#### [WHAT THIS TASK INVOLVES]
Exactly the lines below starting at the line with "Some of the text" and ending at the line with "this 1344×1512 image." are wanted, with both ends included. Leave out the pictures and add no other lines.

━━━━━━━━━━━━━━━━━━━━

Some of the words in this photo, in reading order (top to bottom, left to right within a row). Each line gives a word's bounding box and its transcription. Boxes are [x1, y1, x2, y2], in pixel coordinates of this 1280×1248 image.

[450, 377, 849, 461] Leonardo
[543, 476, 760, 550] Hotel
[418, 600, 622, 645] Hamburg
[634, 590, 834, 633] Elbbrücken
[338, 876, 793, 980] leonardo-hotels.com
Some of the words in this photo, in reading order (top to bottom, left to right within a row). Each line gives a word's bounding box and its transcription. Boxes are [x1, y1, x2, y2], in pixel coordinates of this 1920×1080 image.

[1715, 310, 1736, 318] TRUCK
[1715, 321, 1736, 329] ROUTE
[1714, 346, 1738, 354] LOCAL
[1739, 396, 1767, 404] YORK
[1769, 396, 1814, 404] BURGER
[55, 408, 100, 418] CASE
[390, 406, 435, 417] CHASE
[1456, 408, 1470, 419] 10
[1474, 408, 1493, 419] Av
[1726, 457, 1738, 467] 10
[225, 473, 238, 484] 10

━━━━━━━━━━━━━━━━━━━━

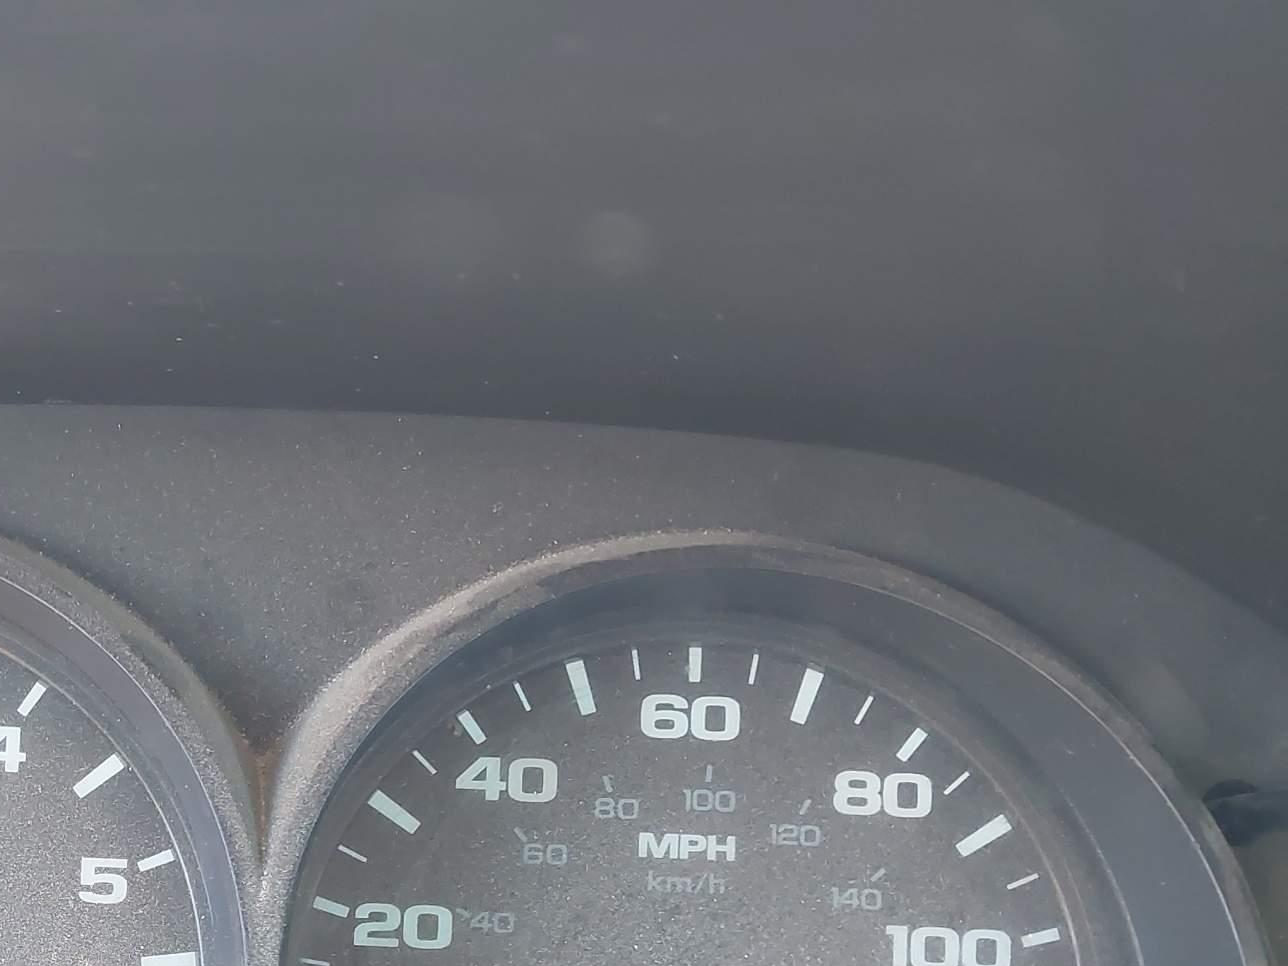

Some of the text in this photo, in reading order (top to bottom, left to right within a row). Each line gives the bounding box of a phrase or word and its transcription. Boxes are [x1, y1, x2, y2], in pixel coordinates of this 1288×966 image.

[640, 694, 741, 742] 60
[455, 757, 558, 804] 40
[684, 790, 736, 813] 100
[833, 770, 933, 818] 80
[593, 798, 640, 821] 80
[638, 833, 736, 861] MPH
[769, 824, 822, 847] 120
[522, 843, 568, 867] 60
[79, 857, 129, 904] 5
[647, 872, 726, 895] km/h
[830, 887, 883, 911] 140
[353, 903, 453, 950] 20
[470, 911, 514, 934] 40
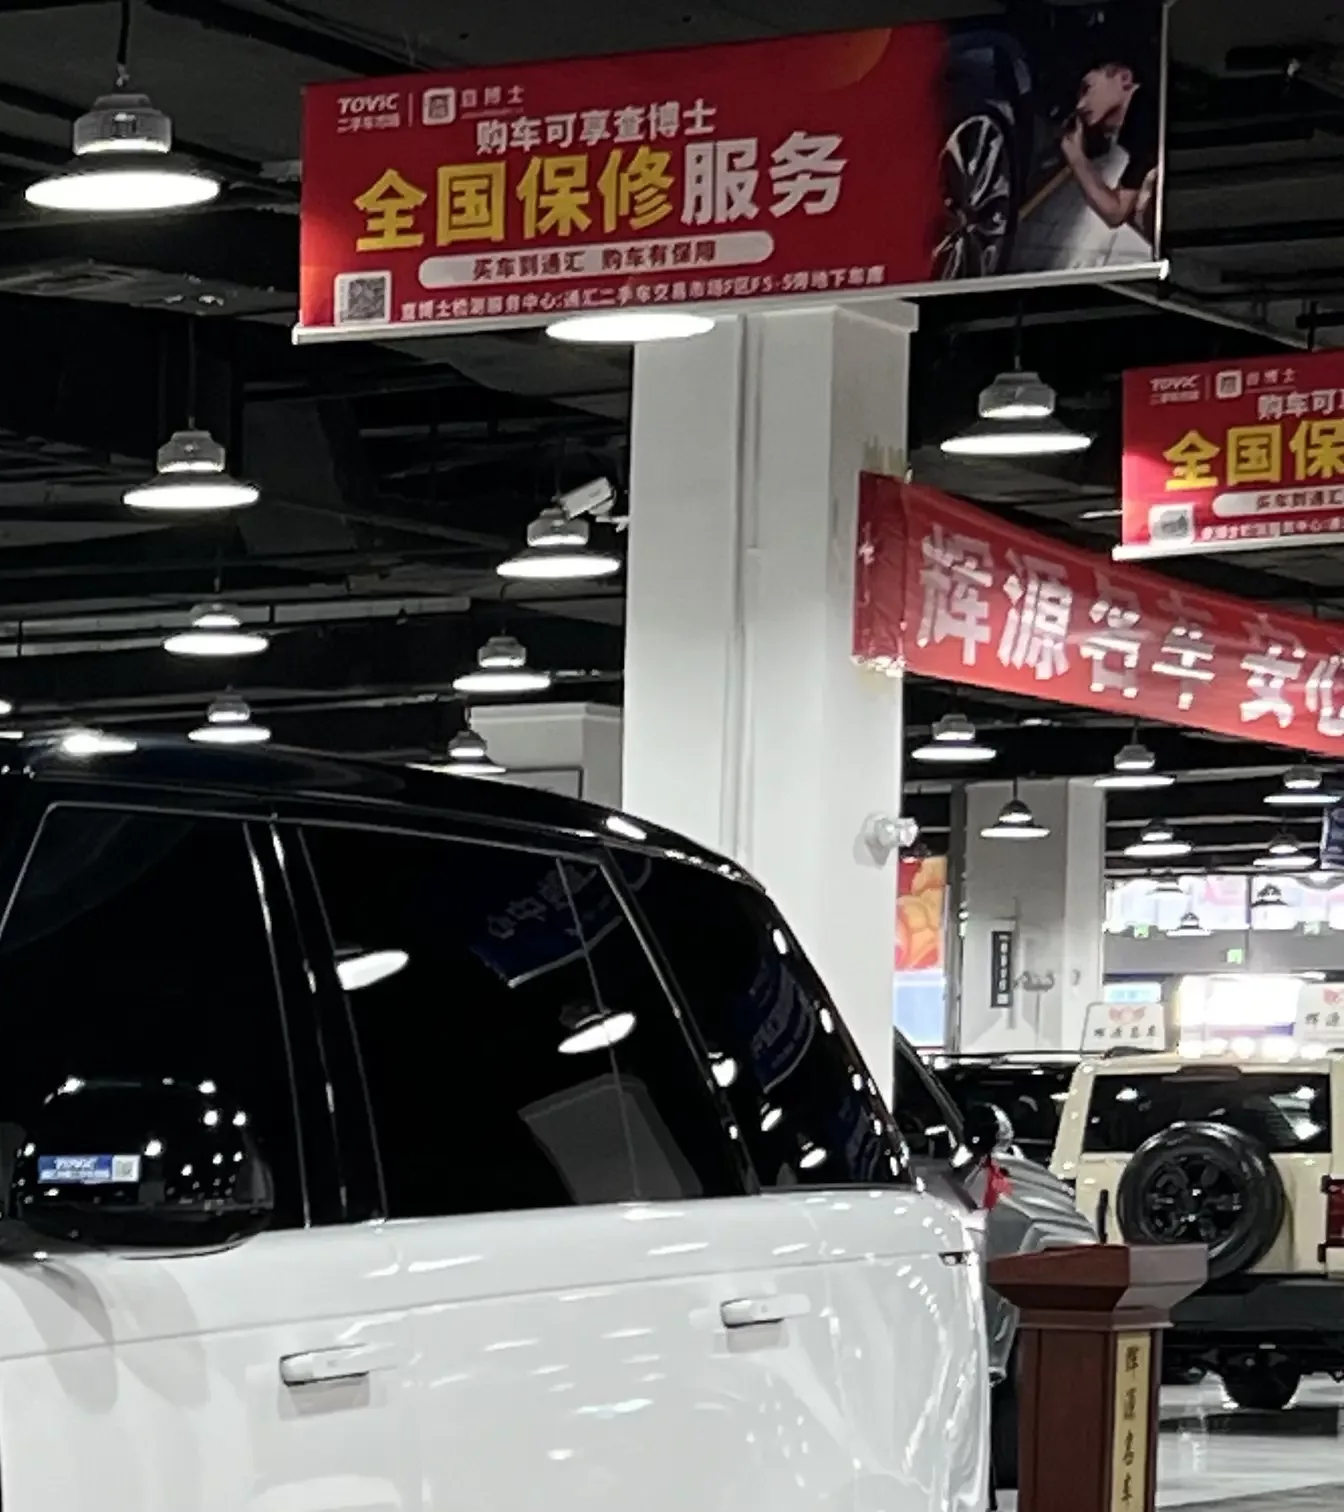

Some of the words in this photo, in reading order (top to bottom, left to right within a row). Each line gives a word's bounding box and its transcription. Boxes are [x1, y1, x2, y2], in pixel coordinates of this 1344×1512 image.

━━━━━━━━━━━━━━━━━━━━

#### [RESPONSE TO THIS EXERCISE]
Some of the text in this photo, in reading order (top to bottom, left to right within a row). Each line gives the bounding box of a phrase or word and its transcription. Boxes are [x1, y1, x2, y2], in pixel coordinates of this 1288×966 image.

[640, 694, 741, 742] 60
[455, 757, 558, 804] 40
[684, 790, 736, 813] 100
[833, 770, 933, 818] 80
[593, 798, 640, 821] 80
[638, 833, 736, 861] MPH
[769, 824, 822, 847] 120
[522, 843, 568, 867] 60
[79, 857, 129, 904] 5
[647, 872, 726, 895] km/h
[830, 887, 883, 911] 140
[353, 903, 453, 950] 20
[470, 911, 514, 934] 40

Some of the words in this photo, in reading order (top to bottom, left to right within a row). Each line gives a word's bounding box and its transcription. Boxes are [x1, y1, x2, y2], in pixel coordinates of this 1344×1512 image.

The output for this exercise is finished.